[Opening LISTED ENTRIES section]

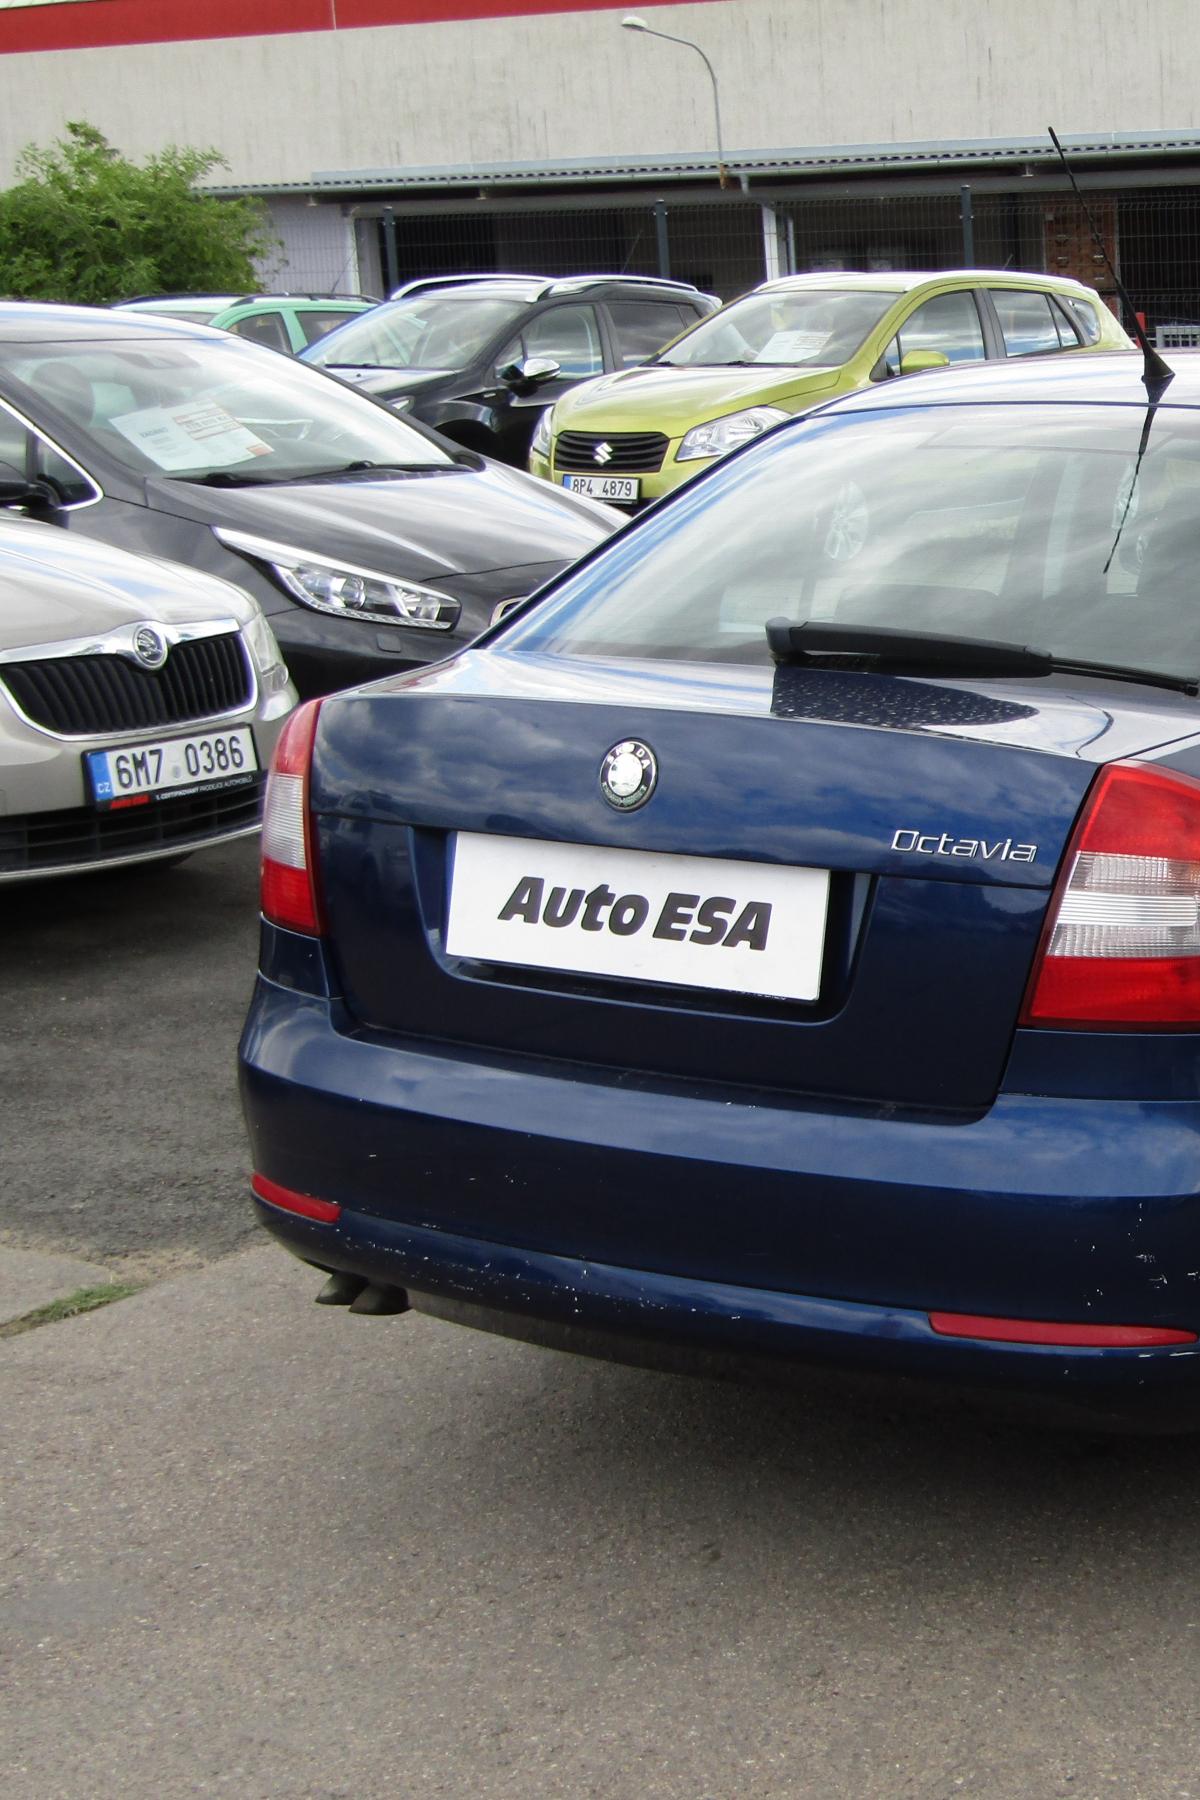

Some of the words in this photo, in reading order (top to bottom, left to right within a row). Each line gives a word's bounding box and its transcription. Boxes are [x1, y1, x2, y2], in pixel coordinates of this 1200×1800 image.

[572, 478, 593, 495] 8P4
[602, 480, 632, 497] 4879
[115, 748, 163, 790] 6M7
[184, 735, 245, 777] 0386
[96, 781, 112, 794] CZ
[891, 829, 1038, 863] Octavia
[496, 875, 650, 937] Auto
[651, 891, 773, 952] ESA

[Closing LISTED ENTRIES section]

DIRECTIONS FOR THIS TASK:
Pictures stay out. Everything else in the listing gets printed exactly.

EXERCISE RESULT:
Some of the words in this photo, in reading order (top to bottom, left to right within a row). Each line gives a word's bounding box and its transcription. Boxes are [x1, y1, x2, y2], in pixel coordinates of this 1200×1800 image.

[572, 478, 593, 495] 8P4
[602, 480, 632, 497] 4879
[115, 748, 163, 790] 6M7
[184, 735, 245, 777] 0386
[96, 781, 112, 794] CZ
[891, 829, 1038, 863] Octavia
[496, 875, 650, 937] Auto
[651, 891, 773, 952] ESA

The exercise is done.